Seven trials were included in the review (n=884 patients). All trials used adequate randomisation. Only two trials had an adequate method of allocation concealment. All trials were double blinded, and used intention-to-treat analyses. Loss to follow-up rates of trials ranged from zero to 17%.
Compared with placebo, significant reductions in total cholesterol were observed for lovastatin (WMD -21.88, 95% CI -30.98 to -12.78; two trials) and pravastatin (WMD -39.82, 95% CI -74.80 to -4.84; two trials). Significant heterogeneity was found for both outcomes (I2=61% and I2=97%).
Compared with placebo, significant reductions in LDL cholesterol was observed for lovastatin (WMD -25.72; 95% CI -36.40 to -15.05; two trials) and pravastatin (WMD -43.10, 95% CI -69.85, to -16.35; two trials). Significant heterogeneity was found for both outcomes (I2=70% and I2=94%). There were no significant differences in high-density lipoprotein cholesterol between the treatment and placebo groups.
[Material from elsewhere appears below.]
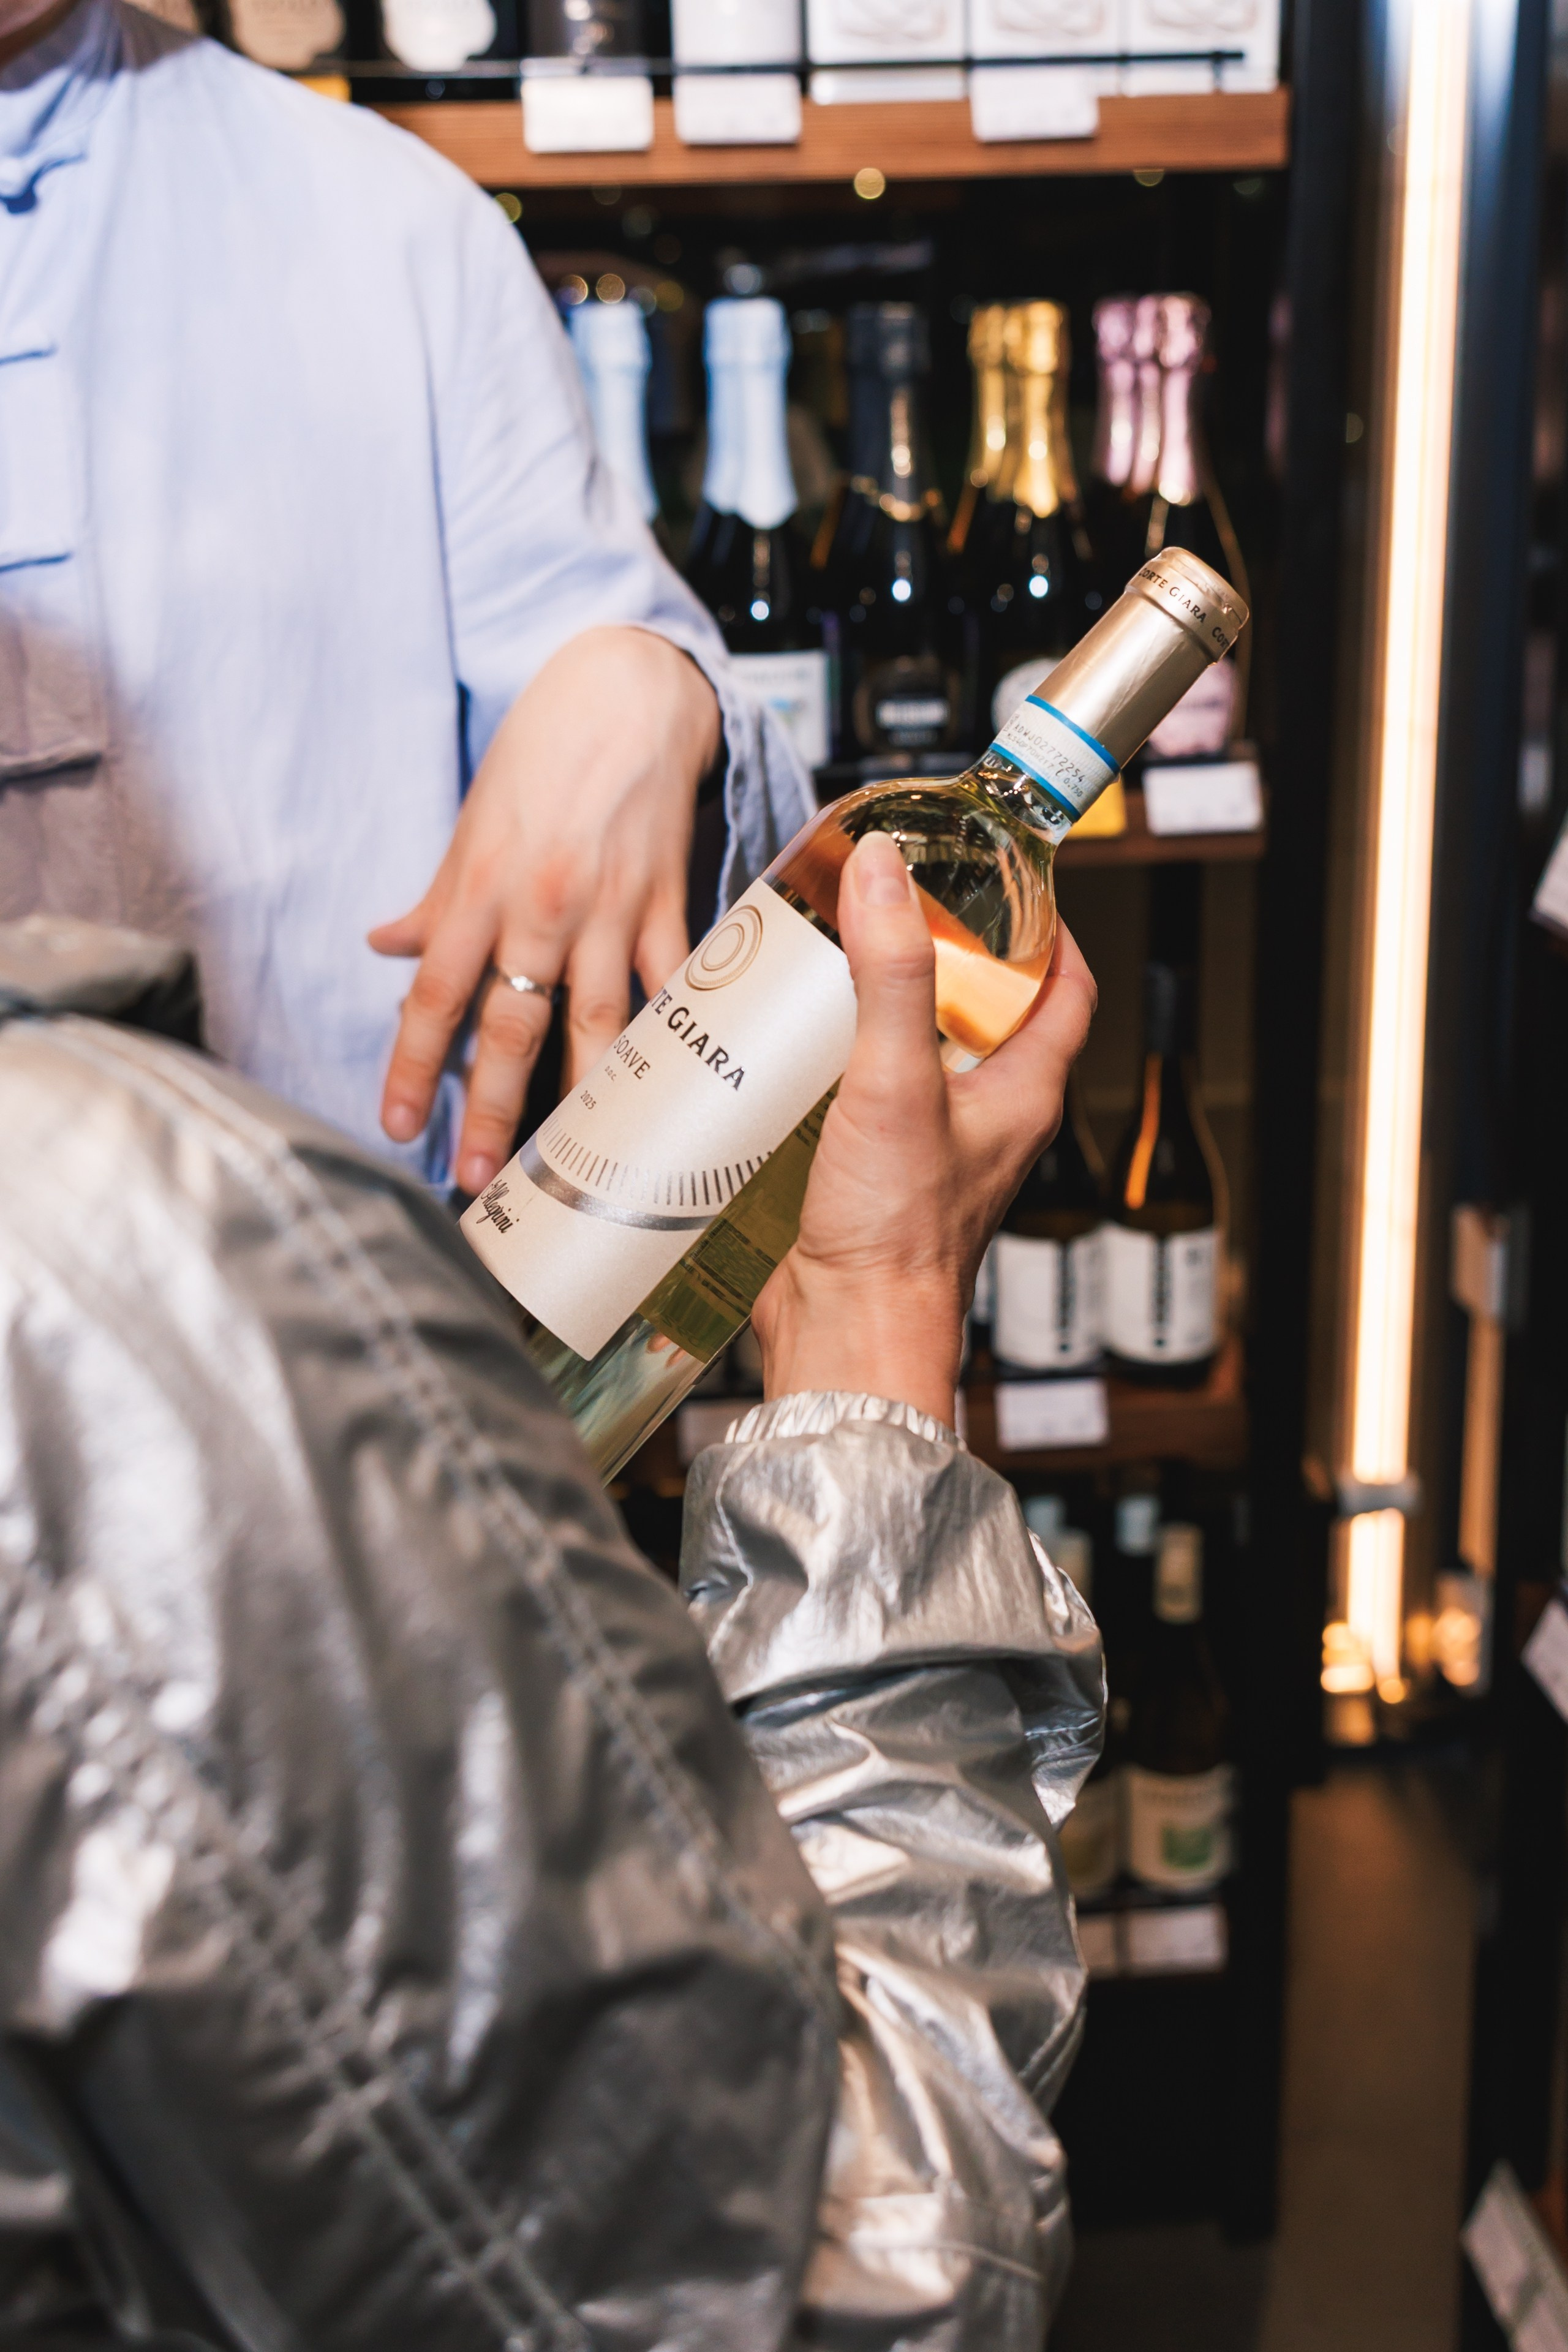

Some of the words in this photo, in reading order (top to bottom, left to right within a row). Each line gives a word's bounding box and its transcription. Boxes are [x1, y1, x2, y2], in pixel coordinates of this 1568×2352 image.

The evidence on target values for LDL cholesterol levels in children was limited to one study that demonstrating that 60% of the children in the treatment group reached the target LDL cholesterol level of less than 130mg/dL. None of the children in the placebo group reached this target LDL cholesterol level.
The evidence of the effect of statins on surrogate markers of atherosclerosis (carotid intima-media thickness, flow-mediated dilation) was limited to two studies. Further results were reported, as were adverse events.